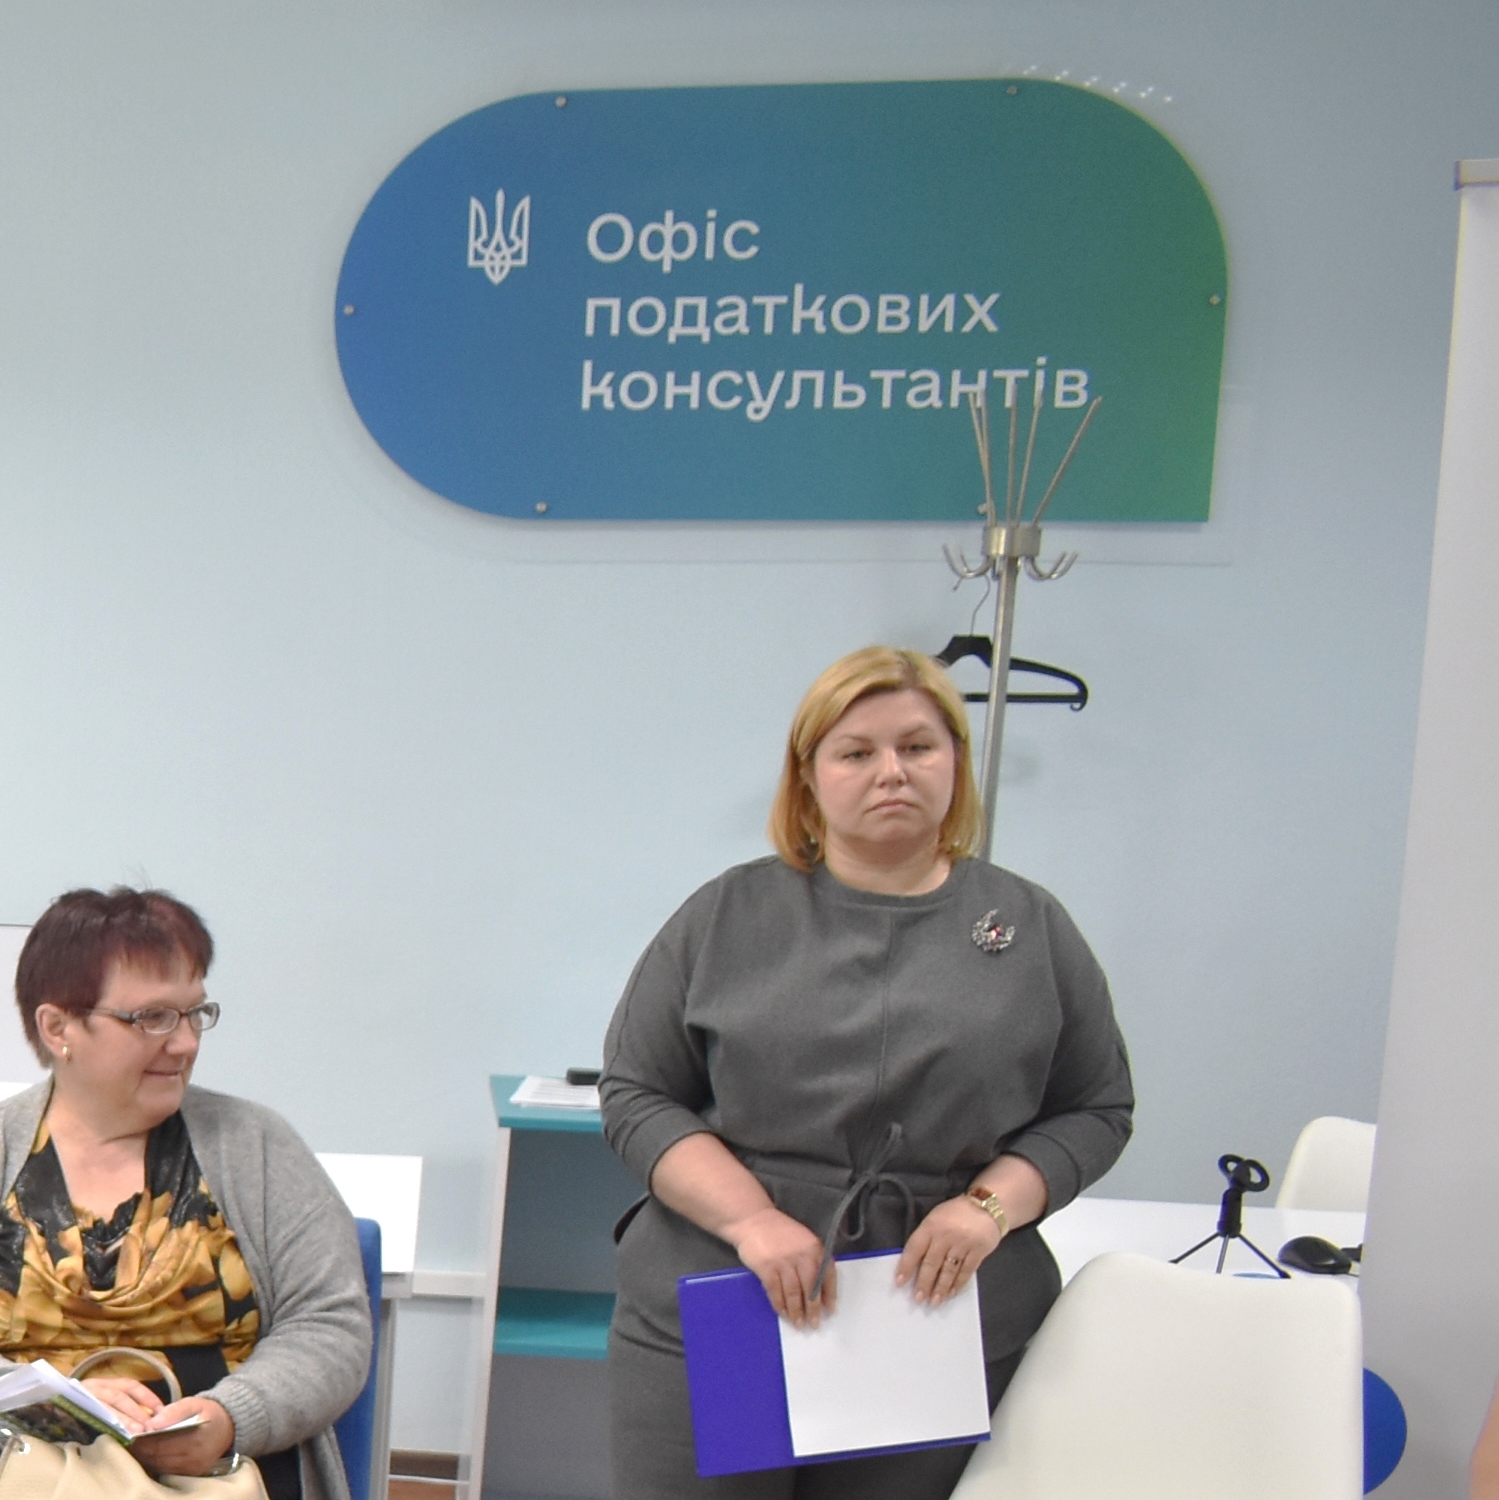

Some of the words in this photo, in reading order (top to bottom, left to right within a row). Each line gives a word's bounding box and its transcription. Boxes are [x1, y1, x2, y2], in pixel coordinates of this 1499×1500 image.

[586, 208, 760, 274] Офіс
[584, 282, 1001, 344] податкових
[580, 356, 1089, 422] консультантів
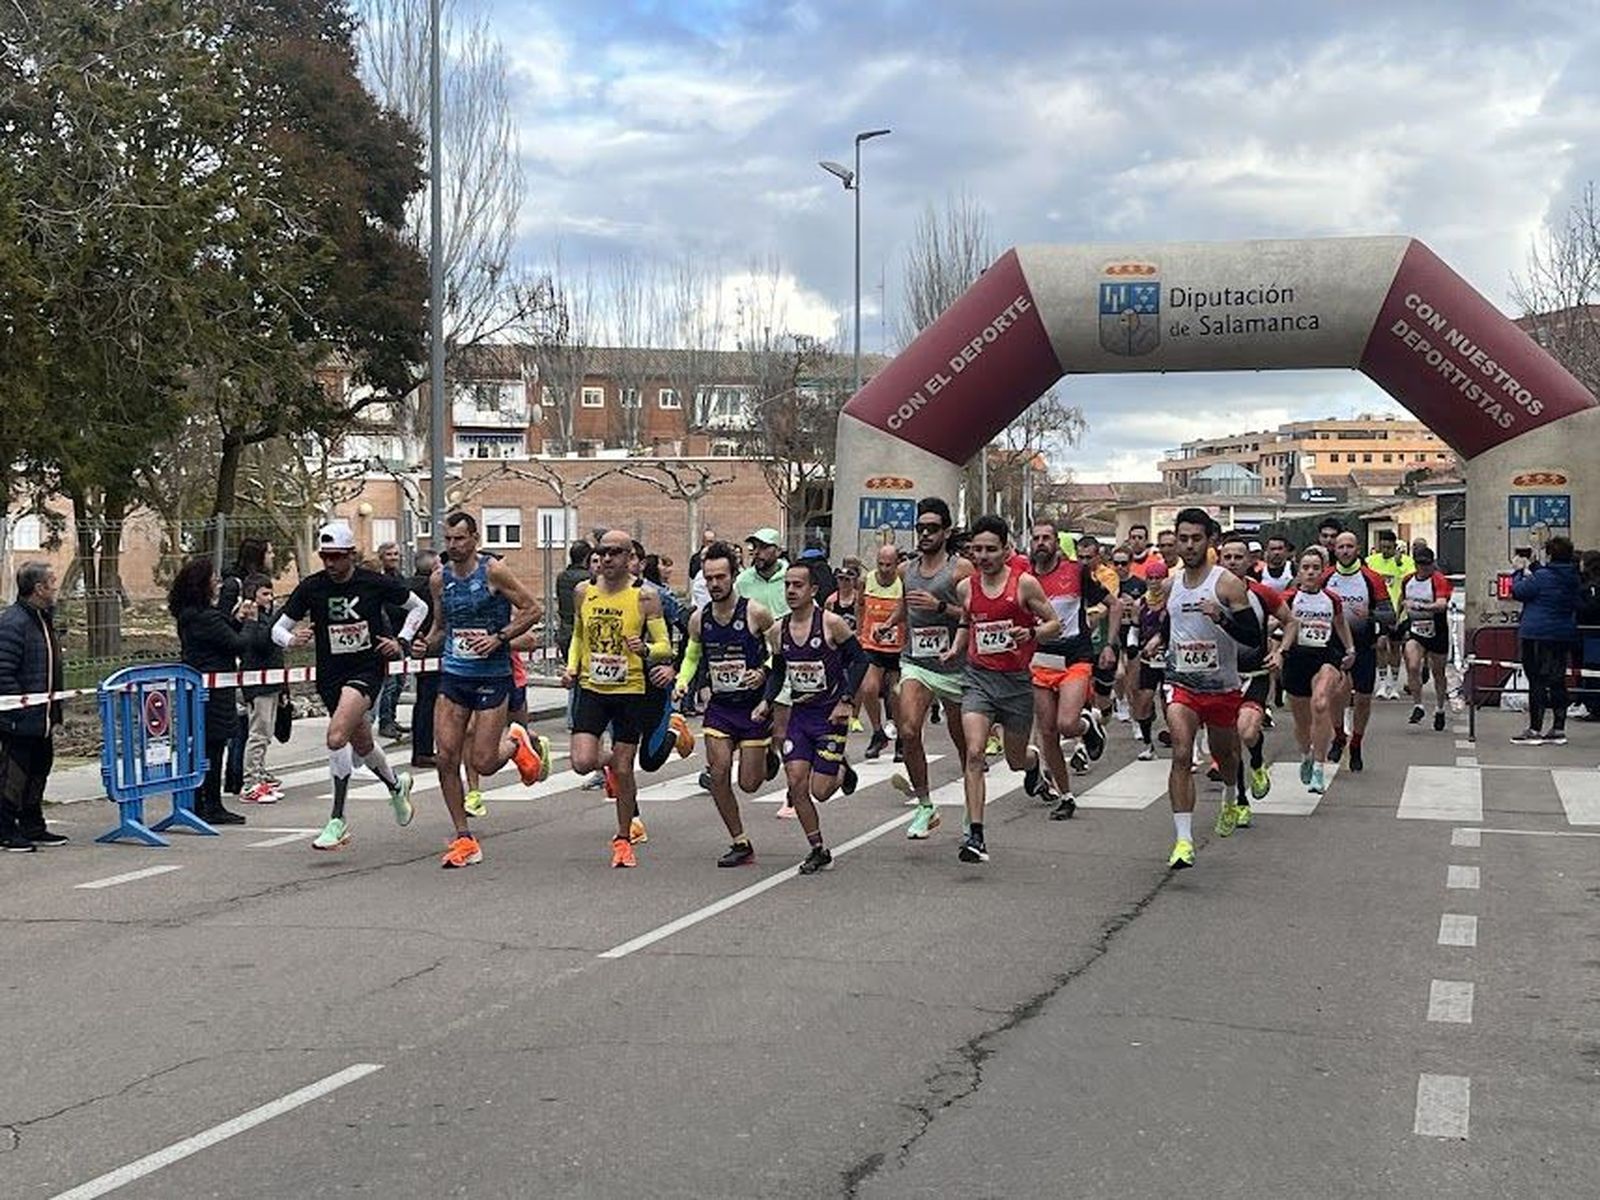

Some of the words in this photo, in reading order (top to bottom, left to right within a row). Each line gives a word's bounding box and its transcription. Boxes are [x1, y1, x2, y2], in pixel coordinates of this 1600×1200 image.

[1169, 283, 1294, 313] Diputación
[1169, 321, 1190, 337] de
[1199, 314, 1320, 336] Salamanca
[886, 392, 928, 430] CON
[924, 372, 952, 396] EL
[949, 295, 1032, 374] DEPORTE
[1404, 293, 1447, 332] CON
[1444, 328, 1544, 416] NUESTROS
[1391, 319, 1515, 429] DEPORTISTAS
[918, 636, 941, 649] 441
[1183, 651, 1209, 664] 466
[595, 665, 620, 677] 447
[717, 671, 740, 683] 435
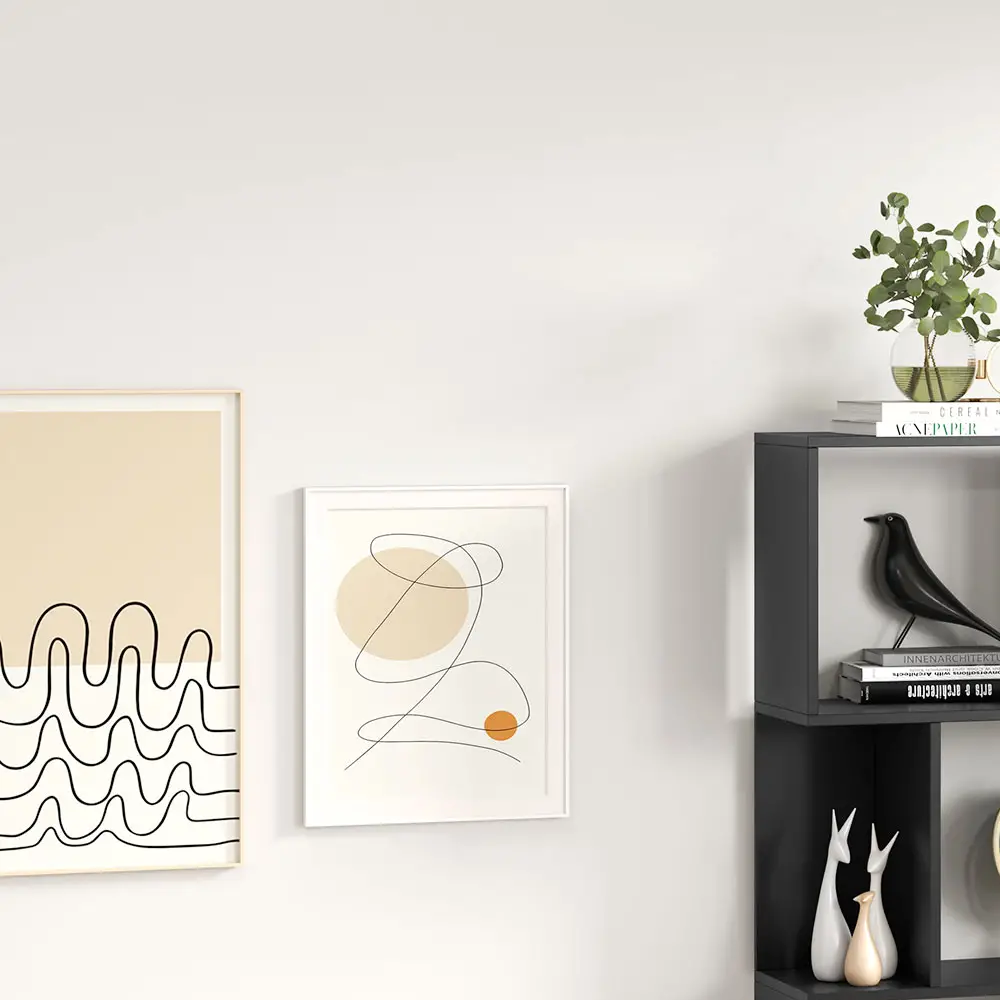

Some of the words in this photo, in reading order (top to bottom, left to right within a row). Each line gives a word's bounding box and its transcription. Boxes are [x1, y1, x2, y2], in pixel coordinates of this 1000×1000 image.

[939, 406, 990, 418] CEREAL
[892, 671, 932, 679] Architects
[907, 684, 961, 699] architecture
[974, 683, 993, 698] arts
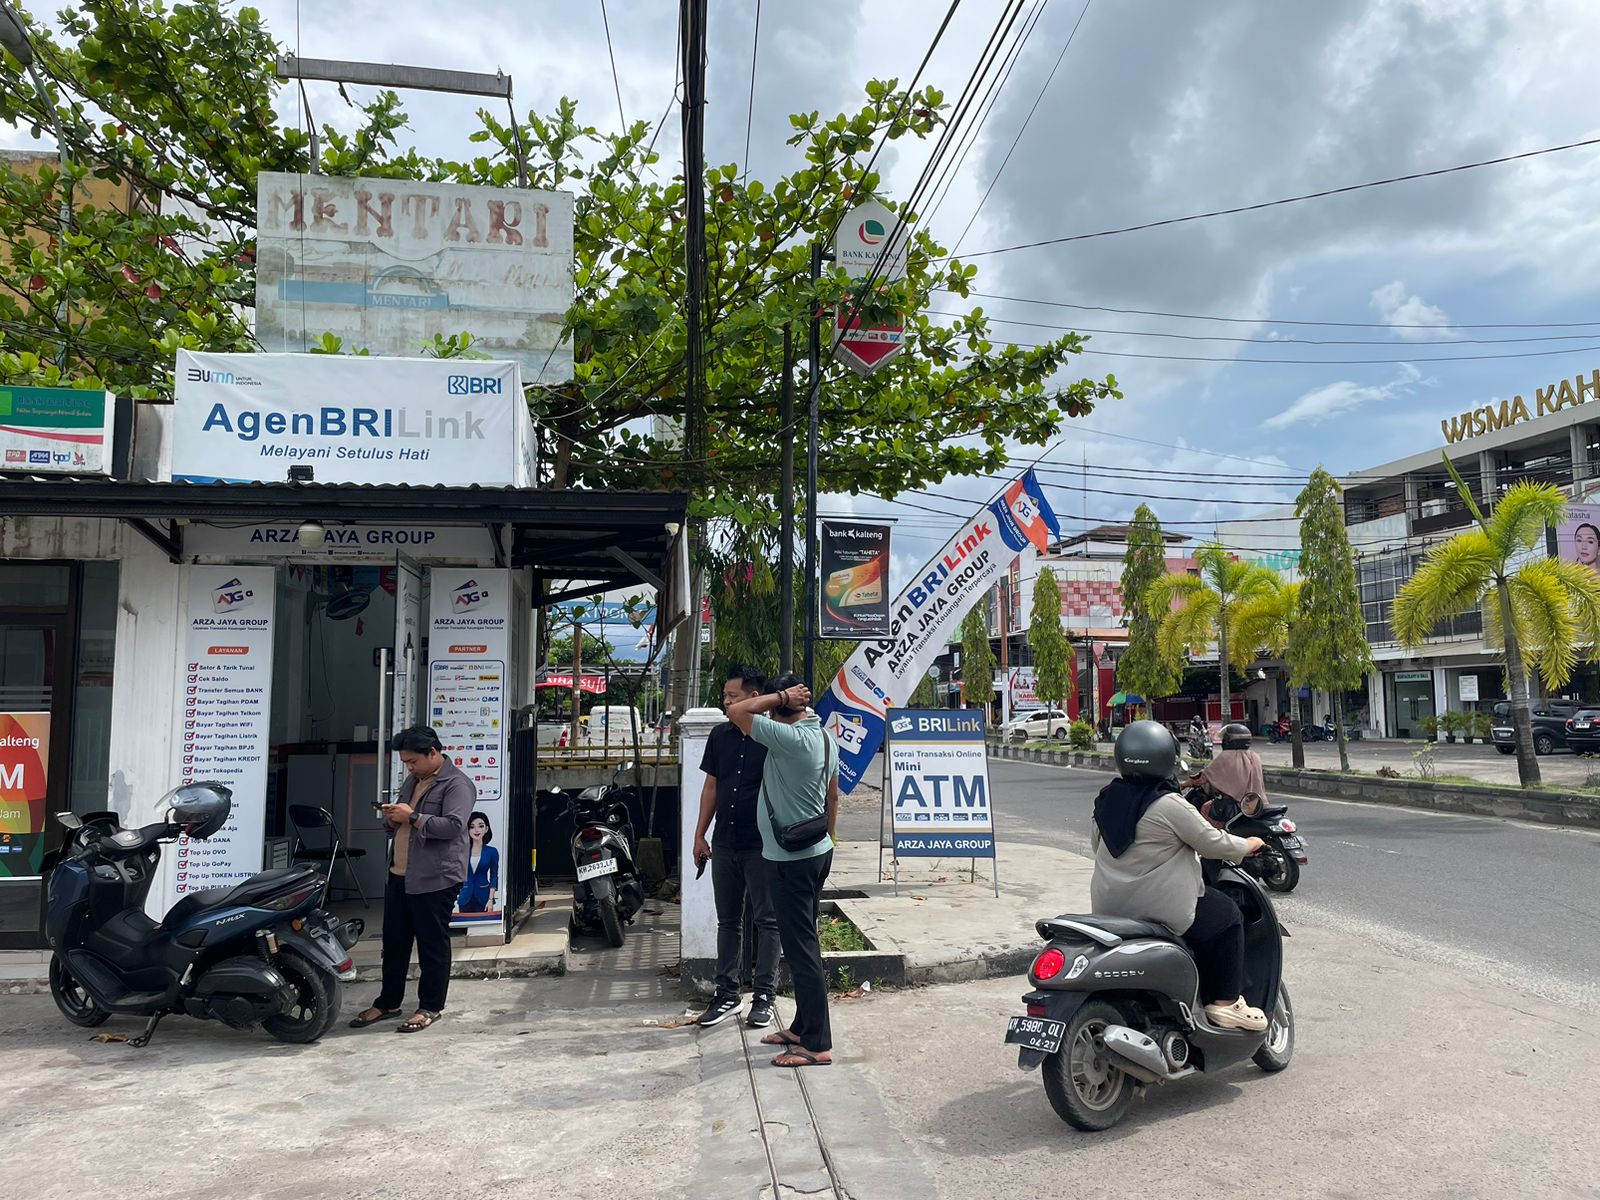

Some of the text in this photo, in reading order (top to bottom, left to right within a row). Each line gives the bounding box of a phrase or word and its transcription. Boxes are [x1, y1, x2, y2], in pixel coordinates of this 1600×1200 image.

[264, 186, 550, 248] MENTARI
[372, 295, 432, 307] MENTARI
[469, 377, 502, 394] BRI
[202, 402, 485, 441] AgenBRILink
[1441, 395, 1530, 444] WISMA
[260, 445, 430, 460] Melayani Setulus Hati
[366, 530, 435, 544] GROUP
[856, 530, 883, 540] kalteng
[887, 550, 990, 673] ARZA JAYA GROUP
[912, 626, 937, 657] Transaksi
[936, 593, 966, 628] Keuangan
[964, 563, 997, 596] Terpercaya
[919, 718, 980, 732] BRILink
[895, 762, 920, 771] Mini
[896, 775, 986, 808] ATM
[897, 840, 991, 849] ARZA JAYA GROUP
[1020, 1020, 1043, 1033] 5980
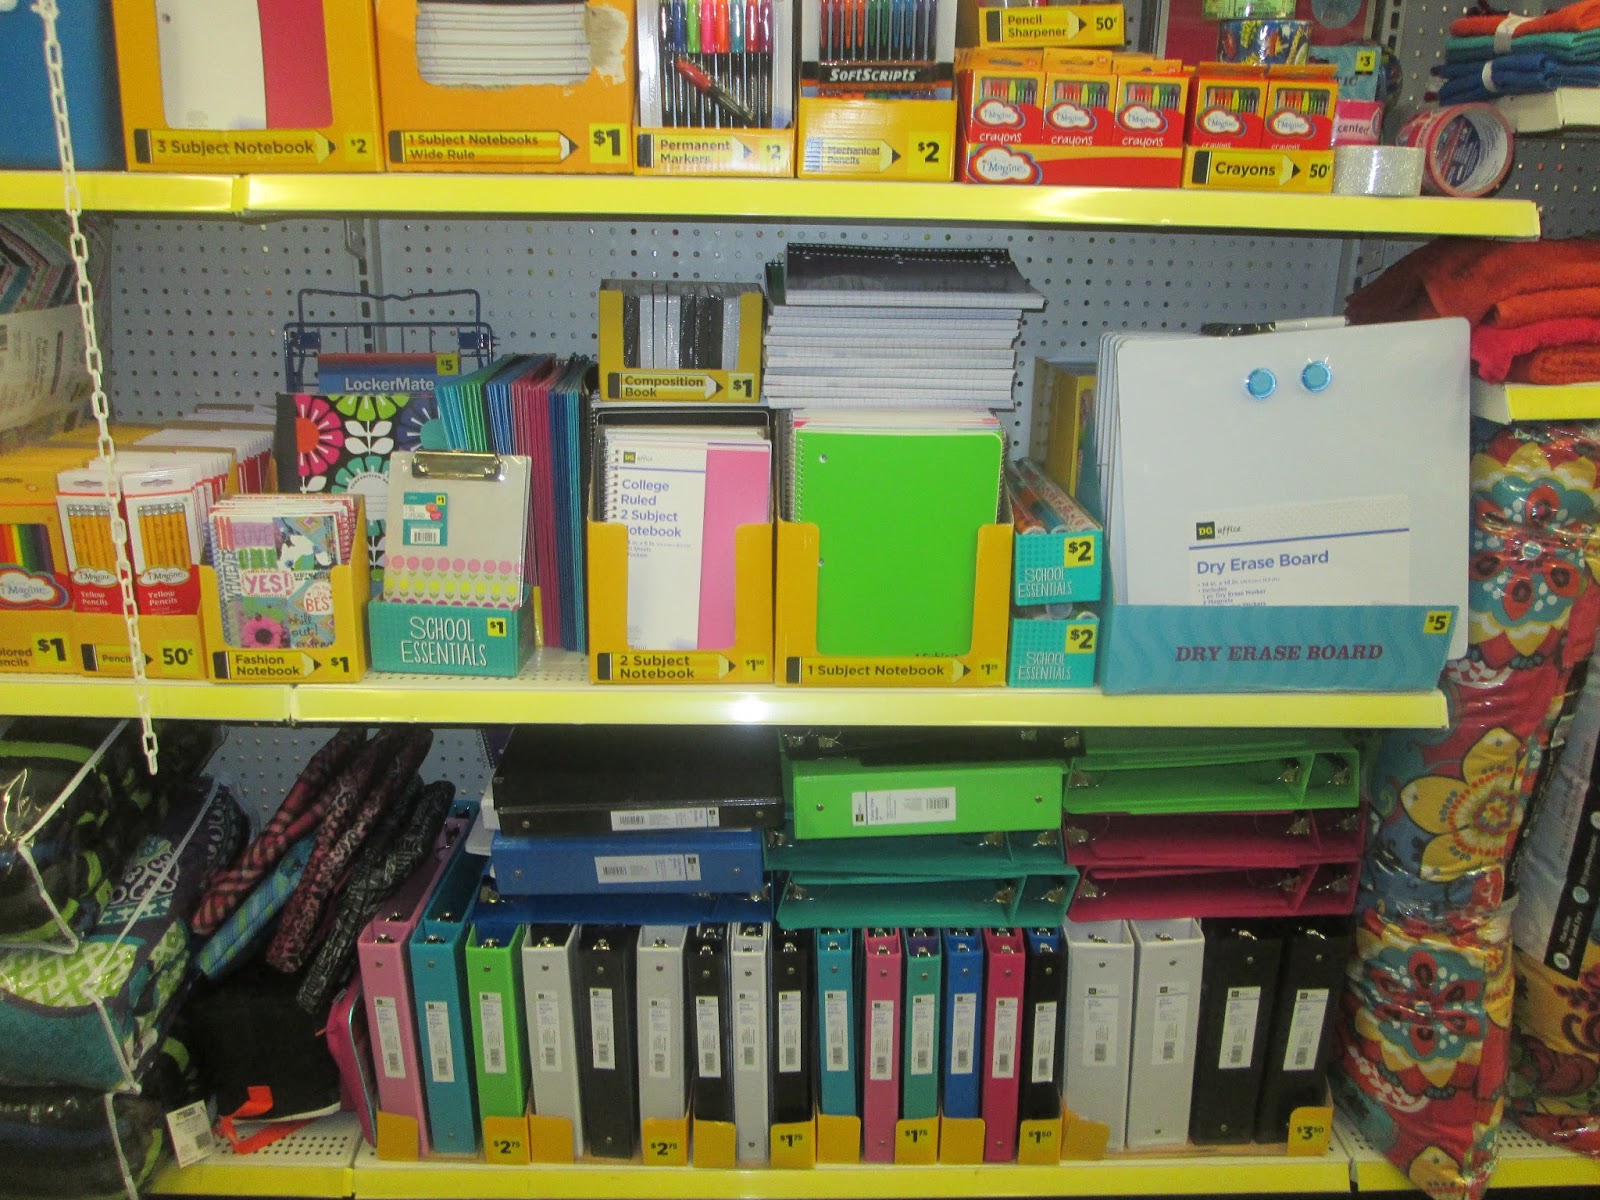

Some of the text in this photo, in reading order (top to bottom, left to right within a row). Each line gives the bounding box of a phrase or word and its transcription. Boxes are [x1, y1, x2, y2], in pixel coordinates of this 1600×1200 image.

**Task prompt:**
The answer must be the full listing, exact in every line, with the pictures removed.

**Answer for the task:**
Some of the words in this photo, in reading order (top to bottom, left to right within a row). Each line gives a word's bounding box and its transcription. Boxes are [x1, y1, x2, y2], in pixel coordinates of this 1499×1500 image.

[586, 208, 760, 274] Офіс
[584, 282, 1001, 344] податкових
[580, 356, 1089, 422] консультантів

Some of the words in this photo, in reading order (top to bottom, left to right within a row). Each line gives a word's bounding box and its transcription. Boxes are [x1, y1, x2, y2], in pixel coordinates of this 1600×1200 image.

[1169, 283, 1294, 313] Diputación
[1169, 321, 1190, 337] de
[1199, 314, 1320, 336] Salamanca
[886, 392, 928, 430] CON
[924, 372, 952, 396] EL
[949, 295, 1032, 374] DEPORTE
[1404, 293, 1447, 332] CON
[1444, 328, 1544, 416] NUESTROS
[1391, 319, 1515, 429] DEPORTISTAS
[918, 636, 941, 649] 441
[1183, 651, 1209, 664] 466
[595, 665, 620, 677] 447
[717, 671, 740, 683] 435

Some of the words in this photo, in reading order (top to bottom, left to right within a row). Each line gives a word's bounding box and its transcription. Boxes are [x1, y1, x2, y2], in pixel coordinates of this 1000×1000 image.

[939, 406, 990, 418] CEREAL
[892, 671, 932, 679] Architects
[907, 684, 961, 699] architecture
[974, 683, 993, 698] arts

Some of the text in this photo, in reading order (top to bottom, left to right within a row). Each line gives the bounding box of a phrase or word and its transcription. Boxes are [x1, y1, x2, y2], in pixel coordinates of this 1600×1200 image.

[264, 186, 550, 248] MENTARI
[372, 295, 432, 307] MENTARI
[469, 377, 502, 394] BRI
[202, 402, 485, 441] AgenBRILink
[1441, 395, 1530, 444] WISMA
[260, 445, 430, 460] Melayani Setulus Hati
[366, 530, 435, 544] GROUP
[856, 530, 883, 540] kalteng
[887, 550, 990, 673] ARZA JAYA GROUP
[912, 626, 937, 657] Transaksi
[936, 593, 966, 628] Keuangan
[964, 563, 997, 596] Terpercaya
[919, 718, 980, 732] BRILink
[895, 762, 920, 771] Mini
[896, 775, 986, 808] ATM
[897, 840, 991, 849] ARZA JAYA GROUP
[1020, 1020, 1043, 1033] 5980

Some of the text in this photo, in reading order (top to bottom, left to right within a row). Each line gives the bounding box of a phrase or word and its transcription. Boxes are [x1, y1, x2, y2], in pixel coordinates of this 1600×1200 image.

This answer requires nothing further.